“I have no literary interests, but am made of literature. I am nothing else and cannot be anything else,” wrote Kafka in one of the five-hundred letters saved by his on-off fiancée Felice Bauer, a condition further exemplified in his short story In the Penal Settlement, in which a prisoner is punished by needles inscribing a text onto his skin, doubly punished by being forced to simultaneously read the inscription in a glass refractor.
In Montano’s Malady, Enrique Vila-Matas’ narrator invokes Ital Calvino as, “one of the first friends to open Tutankhamen’s tomb, by which I mean Pavese’s diary, a dangerous diary because it might infect whoever reads it with despair.” Vila-Matas’ narrator is afflicted by being “literature-sick”, so saturated with literature that it permeates every sphere of his life.

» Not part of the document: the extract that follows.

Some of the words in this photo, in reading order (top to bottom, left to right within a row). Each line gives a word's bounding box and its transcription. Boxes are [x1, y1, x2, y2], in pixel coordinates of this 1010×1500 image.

Montano’s Malady, like the other books of his I’ve read, is composed as a form of autobiography of questionable factual accuracy. His fictional universe is one of depths, leading a reader on a quest for core truths about origin and identity, a search that is never quite satisfied. It is reminiscent of Nabokov’s later fiction, a precarious dance of seven veils that I got bored with eventually, feeling overly manipulated. Persist through the manipulations of the first eponymous chapter and the reward is a story that combines structural complexity with a lightness of touch.

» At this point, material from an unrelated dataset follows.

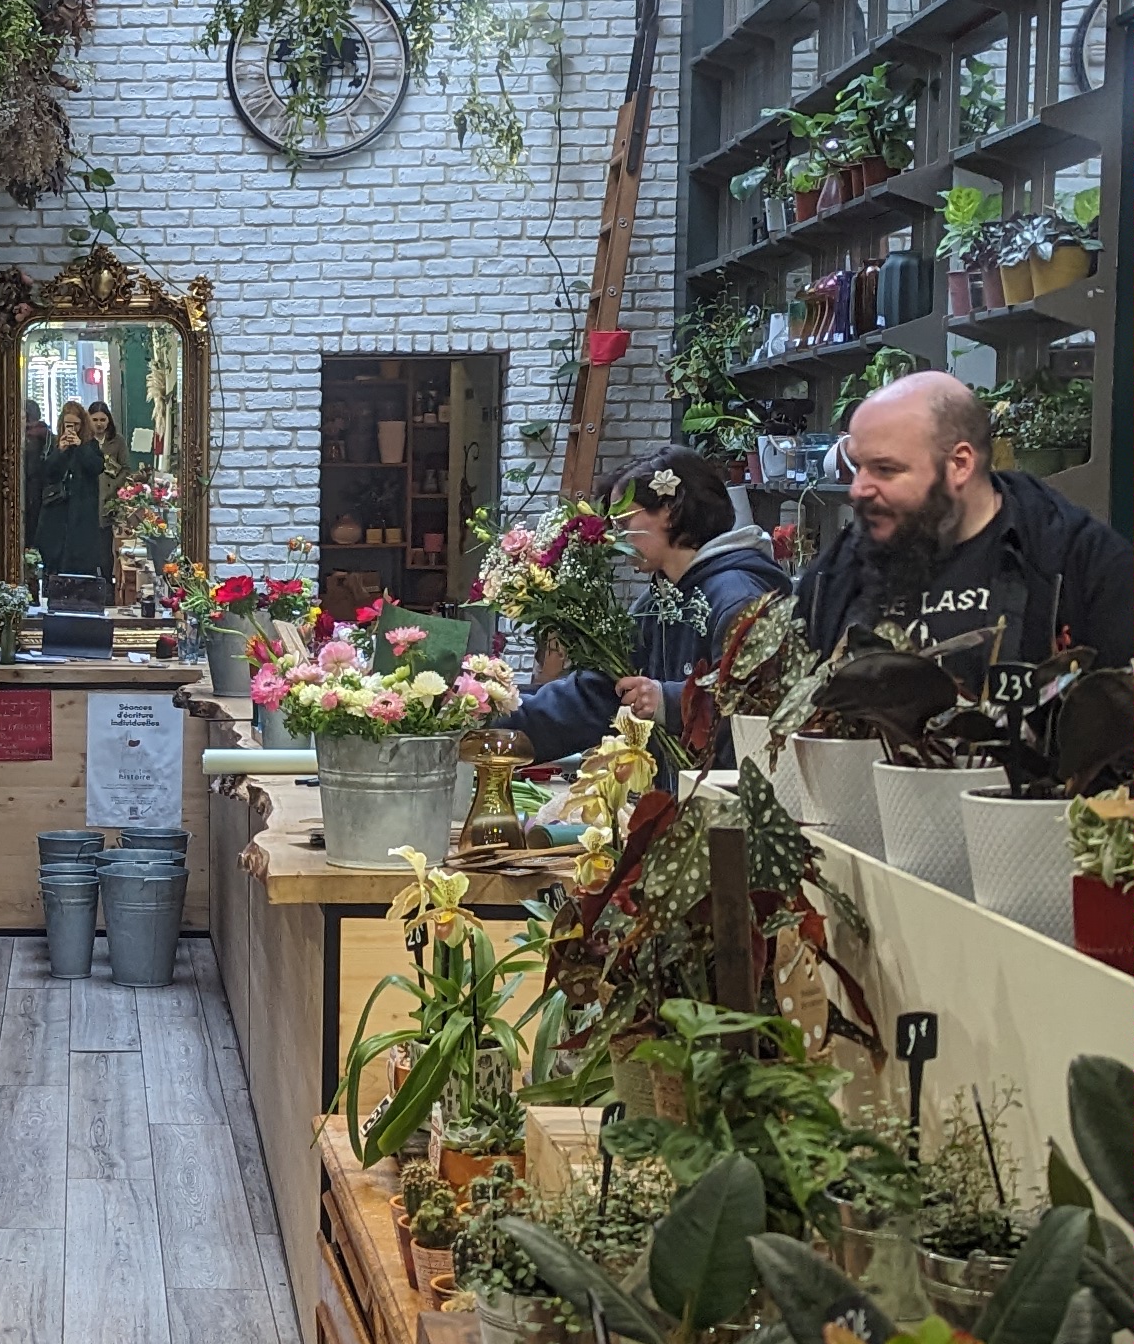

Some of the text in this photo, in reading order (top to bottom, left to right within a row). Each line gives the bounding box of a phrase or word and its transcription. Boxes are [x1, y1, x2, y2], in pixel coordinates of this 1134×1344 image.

“made of literature” – that’s wonderful, and true of many readers I think…
So true, there is a lot that resonated in Montano’s Malady too.

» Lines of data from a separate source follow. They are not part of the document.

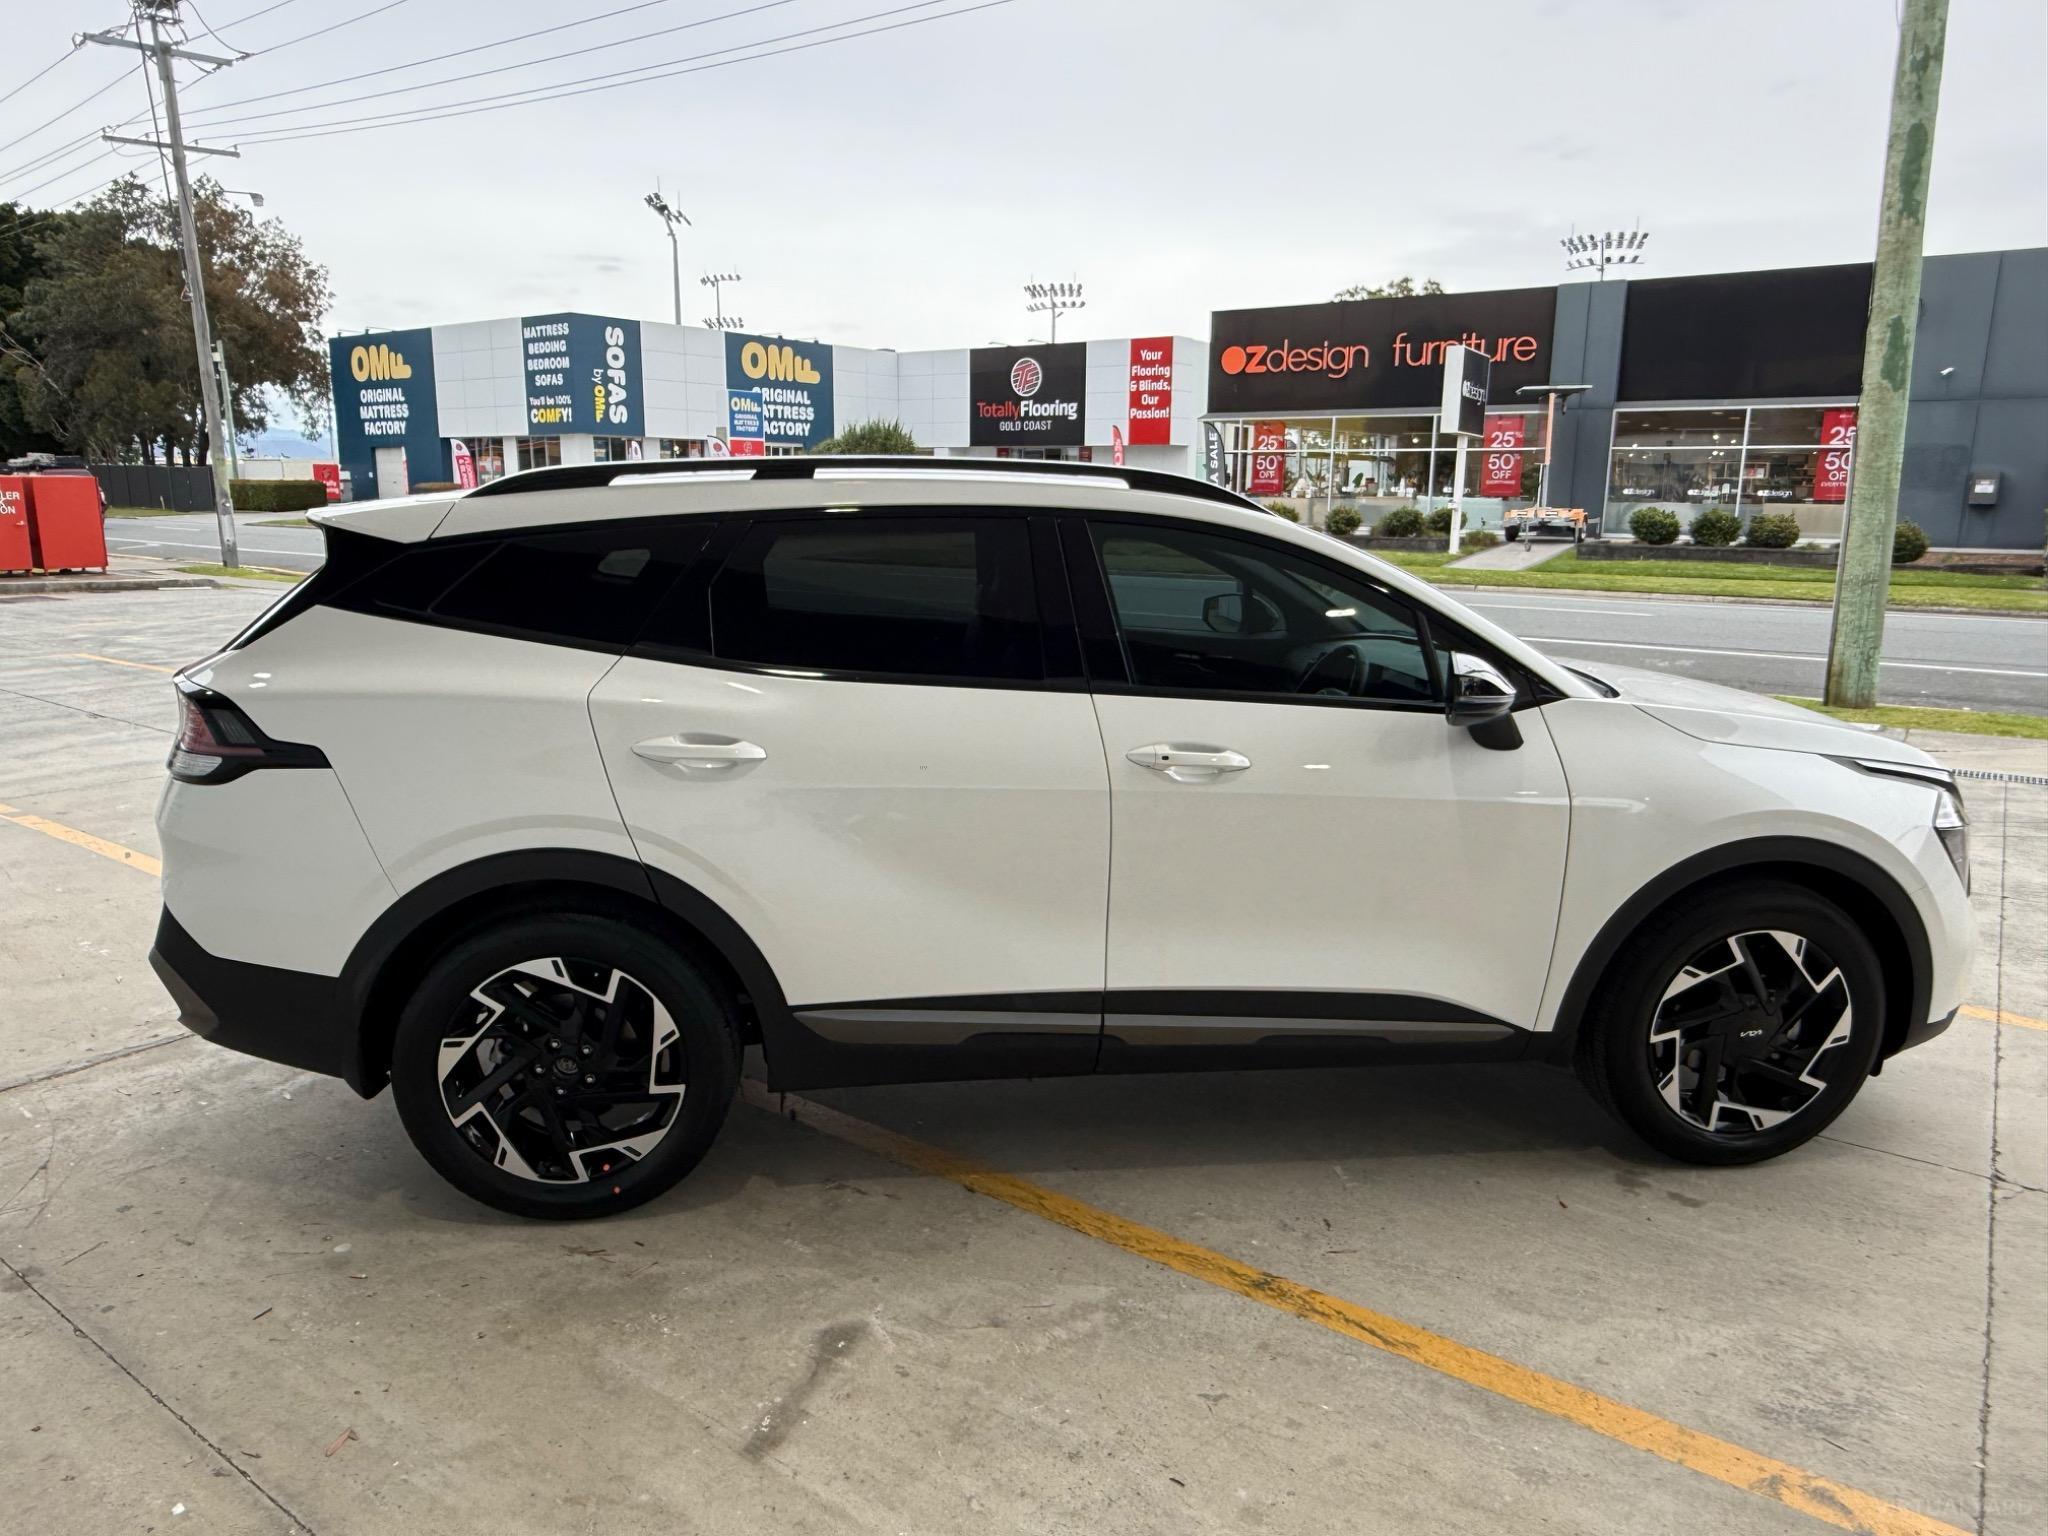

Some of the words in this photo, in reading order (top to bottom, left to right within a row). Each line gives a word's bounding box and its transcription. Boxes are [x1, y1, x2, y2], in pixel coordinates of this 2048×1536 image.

[523, 323, 570, 339] MATTRESS
[527, 339, 567, 355] BEDDING
[1140, 349, 1162, 361] Your
[350, 343, 412, 382] OMF
[527, 356, 570, 371] BEDROOM
[741, 341, 820, 384] OMF
[591, 368, 604, 385] by
[604, 326, 628, 424] SOFAS
[1131, 364, 1171, 378] Flooring
[534, 373, 564, 386] SOFAS
[1130, 381, 1138, 391] &
[360, 387, 405, 403] ORIGINAL
[1141, 393, 1159, 405] Our
[360, 403, 409, 419] MATTRESS
[530, 407, 572, 424] COMFY!
[763, 404, 815, 421] ATTRESS
[1130, 407, 1170, 419] Passion!
[364, 420, 406, 436] FACTORY
[764, 420, 811, 437] ACTORY
[999, 421, 1021, 431] GOLD
[1023, 420, 1052, 431] COAST
[1828, 426, 1857, 445] 25
[1209, 431, 1219, 469] SALE
[1824, 451, 1851, 470] 50
[1259, 470, 1276, 479] OFF
[1491, 470, 1512, 479] OFF
[1828, 470, 1847, 481] OF

I remember the title as “In the Penal Colony.” “Settlement” might better connote the law aspect of the story.
I might be wrong, but “settlement” is from the Muir’s first translation from German, Secker and Warburg edition from late 1940s.
I’ve a copy of “The Penal Colony: Stories and Short Pieces” (First Schocken Paperback edition, 1961, Eighteenth Printing, 1972; Copyright 1948 by Schocken Books, Library of Congress No. 48-9742; Translated by Willa and Edwin Muir). The story t here is titled “In the Penal Colony.” It’s no big deal, but I find different translation changes interesting. For example, my copy shows, at the opening to “The Metamorphosis,” “uneasy dreams,” and “a gigantic insect.” Susan Bernofsky has “troubled dreams,” and “monstrous insect.” She has a good explanation in TNY: https://www.newyorker.com/books/page-turner/on-translating-kafkas-the-metamorphosis where she says Kafka’s friends called it his “bug story.”
It is fascinating how translations change over time. In the 1949 (and later editions) S&W “The Metamophosis” is “The Transformation; and what is later translated as “The Verdict” is “The Judgement”. The S&W edition is limited to just those stories that were published in Kafka’s lifetime.